The Wonk Gap - -- its the lie not the truth that is telling.

The Wonk Gap -

Rotary International has a 4-Way test that starts with "Is it the truth?" In all we say and do ...

If the facts that are presented are not truthful, then whatever follows in the arguments are bogus. Who benefits and why can not meaningfully be determined.

Stated differently, often (usually?) based on a careful organization of the facts, the best decisions are self-evident.

So what does Dr. Paul have to say about outright denial and miss information on the right? He points out the healthcare costs have actually been tame in recent years. Current estimates of the future costs/savings are actually better the GAO had originally estimated. Until recently, healthcare costs had been increasing at about 10% per year over the last 30 some years. All evidence is that these costs are much tamer, just over inflation, for the last few years. And that is prior to Obama care really kicking in.

I know! I'm surprised too, because Obama care doesn't do nearly enough to address out-of-control healthcare costs as I would like to see. But shifting people out of the emergency room as the primary care, has got to save tons of money.

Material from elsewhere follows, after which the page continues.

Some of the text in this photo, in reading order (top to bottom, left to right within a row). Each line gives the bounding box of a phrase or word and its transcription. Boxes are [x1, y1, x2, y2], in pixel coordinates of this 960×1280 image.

Klugman points out how obvious and untruthful some of the information is that continues to be propagated. At least on PBS, you will find a serious analysis of the issues and usually a fare representation of both sides.

Why would anyone anywhere continue to accept consistent untruths and even blatant lies?

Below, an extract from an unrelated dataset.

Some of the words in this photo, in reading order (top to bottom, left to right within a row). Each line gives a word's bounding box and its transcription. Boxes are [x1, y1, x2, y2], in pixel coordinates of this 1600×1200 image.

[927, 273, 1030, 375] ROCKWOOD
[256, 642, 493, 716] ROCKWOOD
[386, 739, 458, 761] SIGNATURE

I like to hear what I want to hear. But I need to hear what I don't want to hear. As long as it is factual.

Counter factual is, will, counterproductive, to say the least.

Good article Dr Paul. It is too bad that the right people won't read it. And the people who do read it, probably won't apply the concept of truth-in-information-sources to their own media noise.

We all need to unfriend sources who promote bogus information, and let them talk to empty space. Only then will we have meaningful solutions to replace meaningless bickering.